Startled, Vincent shook his head. "No...no. I want her there more than I can say, Father. Perhaps that is what frightens me." He looked away from Father into the flickering light of a candle. The pipes rattled out their usual messages into the silence--barely noticed by either of them. Without looking up, Vincent studied his hands as he spoke--startled at noticing their appearance for the first time in weeks. His relationship with Diana had so changed his own perceptions about how he saw himself that he'd almost begun to take his appearance for granted and think of himself as merely a man, with a man's hopes for a possible future with her. The fact that he noticed these differences now reminded him once again of the obstacles in their relationship and his inability to share Diana’s life Above. "I've never before been so close to realizing my dreams, Father. I never came so close with Catherine, and that was partly my own fault. Diana has refused to allow me to make the same mistakes again. But there are so many other things to consider and so many other possible mistakes. I worry about what will happen when she leaves to return to her life Above. As I know she will. As she must."
Father sighed heavily and Vincent lifted his eyes to his parent's. Again--and with a little more confidence--Father patted the hand in front of him. "At least you're aware of the possibilities...both good and bad." He looked away, no longer meeting his son’s eyes. "I worried--with Catherine--that you'd both allowed yourselves to become blinded by your emotions. Your hopes. Diana is a fine, sensible woman, Vincent. Not," he hurried on to say, "that Catherine was not. But they’re very different. And now...you're older. More experienced. I have more confidence that this time you will consider carefully before making life-changing decisions. When you and Diana came here earlier you were so antagonistic the moment you walked into this chamber, I knew you were aware you were making the wrong decision. I merely needed to point it out to you.

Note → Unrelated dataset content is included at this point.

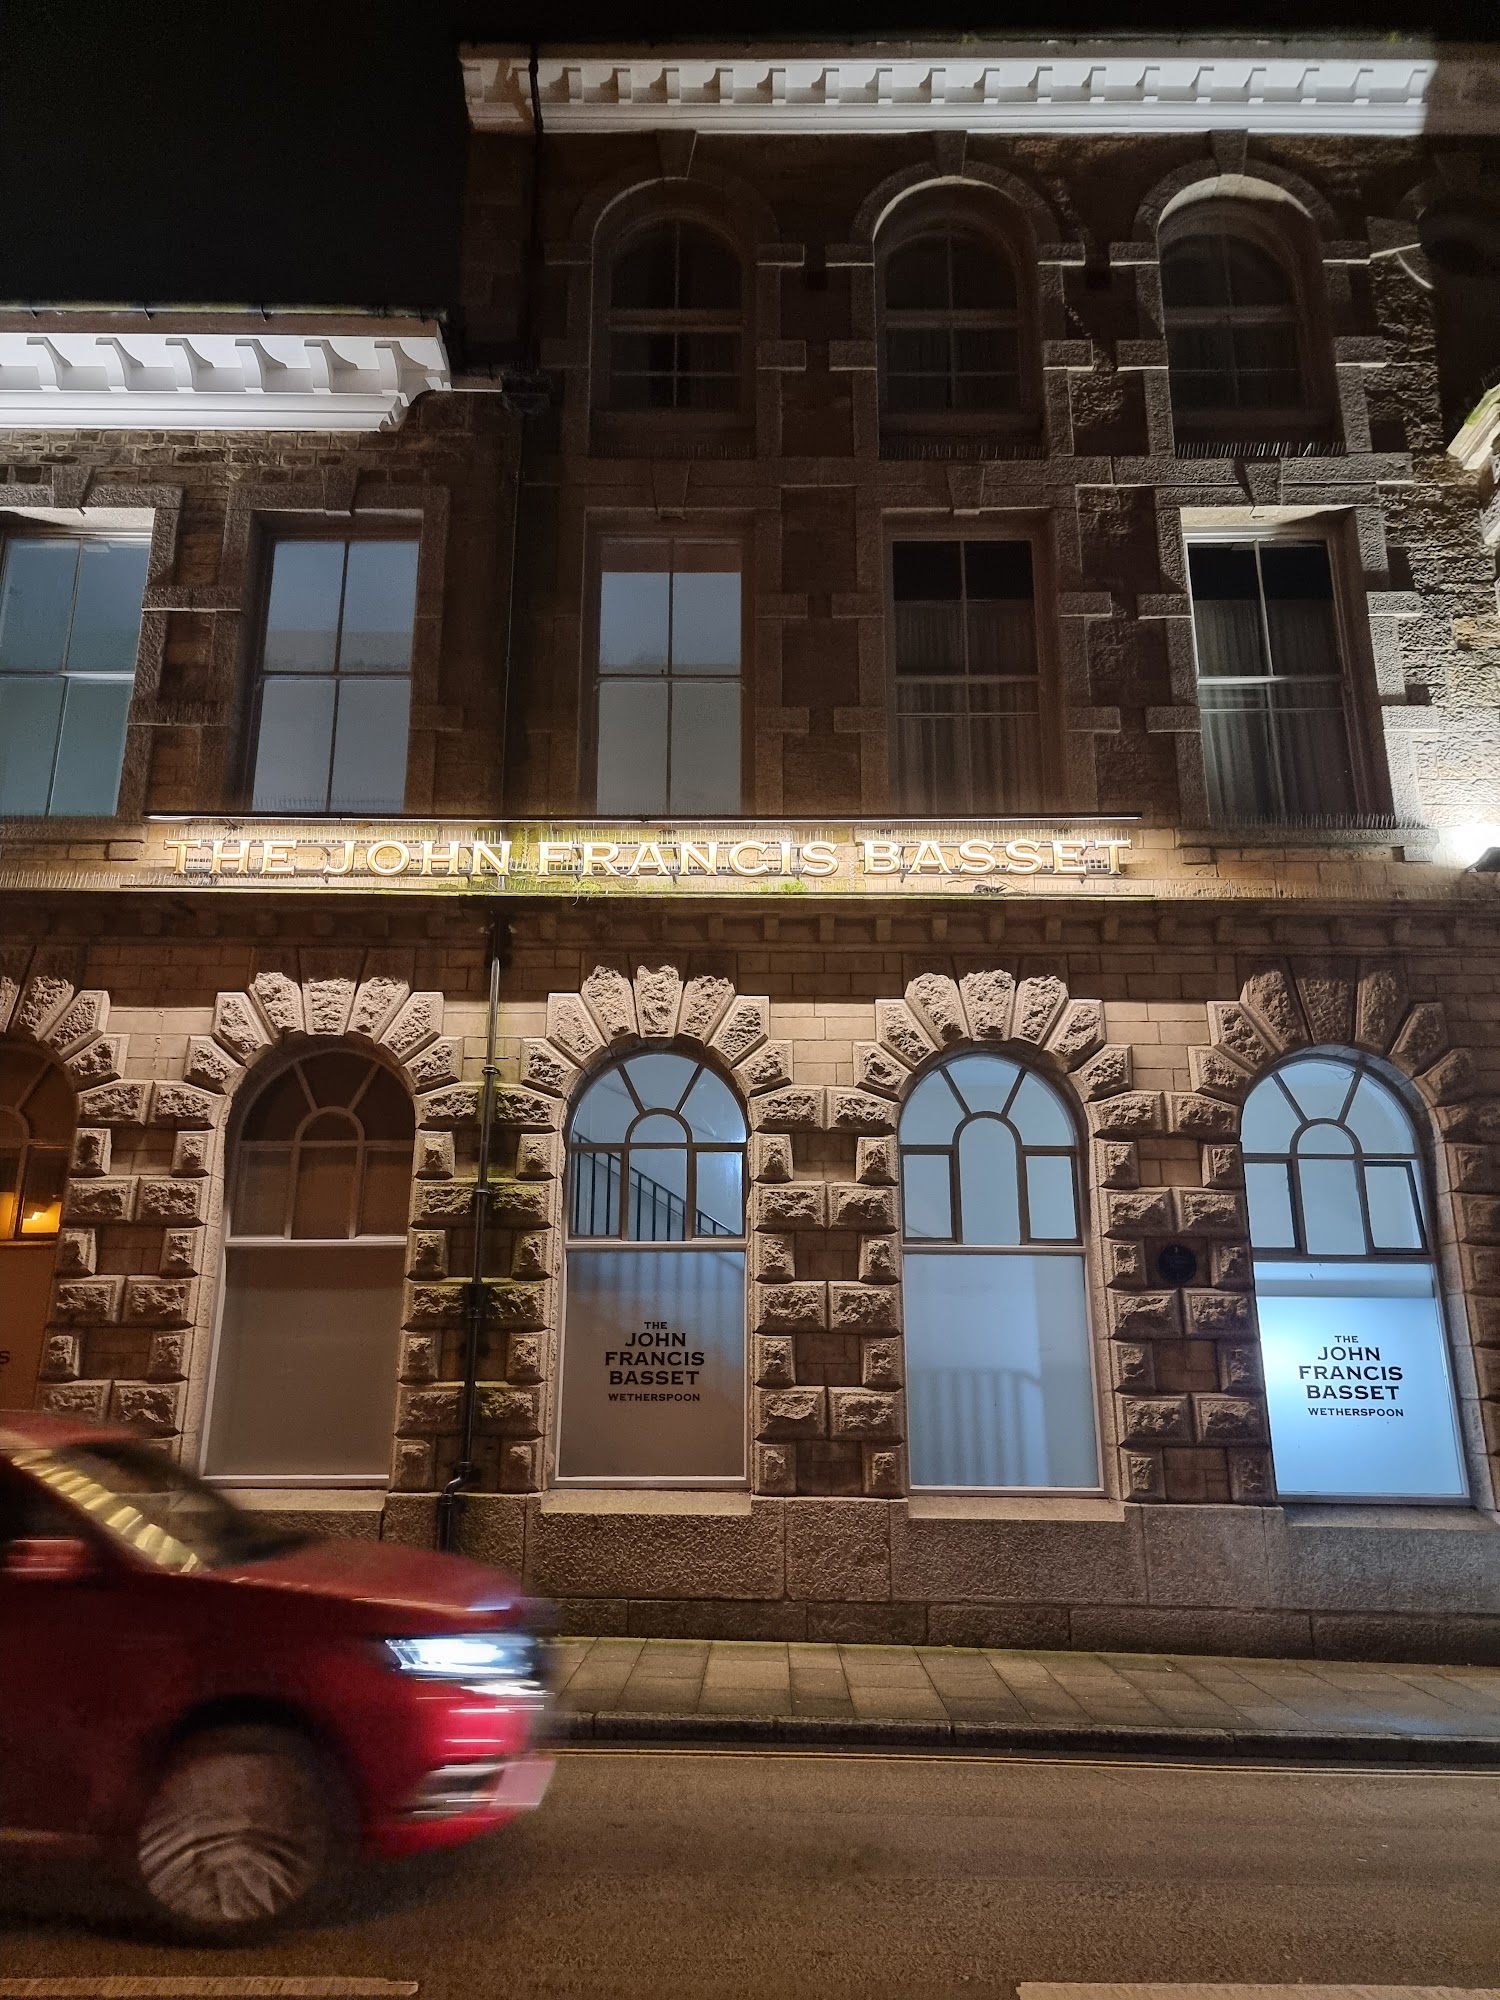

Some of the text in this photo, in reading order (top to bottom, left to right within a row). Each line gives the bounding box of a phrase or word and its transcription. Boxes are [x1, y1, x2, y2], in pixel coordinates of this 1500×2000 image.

Take the time to get to know one another again. Let her at least try to live here." He smiled finally and Vincent could see a glimmer of humor in his eyes. "Besides," Father said, "It would have been an extraordinarily bad example for the children. They look up to you, you know, and you know I've always encouraged commitment to our values."
Rising slowly, Vincent nodded a bit reluctantly. "I’m sure you're right, Father. And we will proceed more carefully." Vincent turned toward the stairs, but he stopped and looked back at the man who carried the weight of their world upon his shoulders. Father merely smiled back at him.
The rumble of the 6:45 train running far above the nursery reminded Vincent it was time to pick Diana up for evening meal. After leaving Father, Vincent had come to the nursery to get his son ready for supper and the toddler was currently playing peek-a-boo with him. There was a bed in the chamber that Mary used when there was a sick child, and currently, Vincent squatted silently waiting for the golden curled head to pop up on the other side of the bed.
"Pee-BOO!" Jacob squealed, then ducked down again.
Vincent laughed easily. There was no one here to see his teeth except Jacob, and his son was the exception to all rules. Standing, Vincent walked around the bed and scooped the child up, settling the squirming bundle in his arms. "Are you ready to eat, Jacob?"
The boy bobbed his head happily.
"I have a surprise for you." Jacob's eyes danced as he listened to Vincent. He loved his father's surprises. "Diana is here, Jacob. She's going to stay for a while."
"Danana?" Jacob eagerly flung his tiny arms around his father's neck and snuggled deeply into Vincent's mane. He patted Vincent's back as he wriggled into position for the ride. "Go!"
Vincent was encouraged by his son's enthusiasm.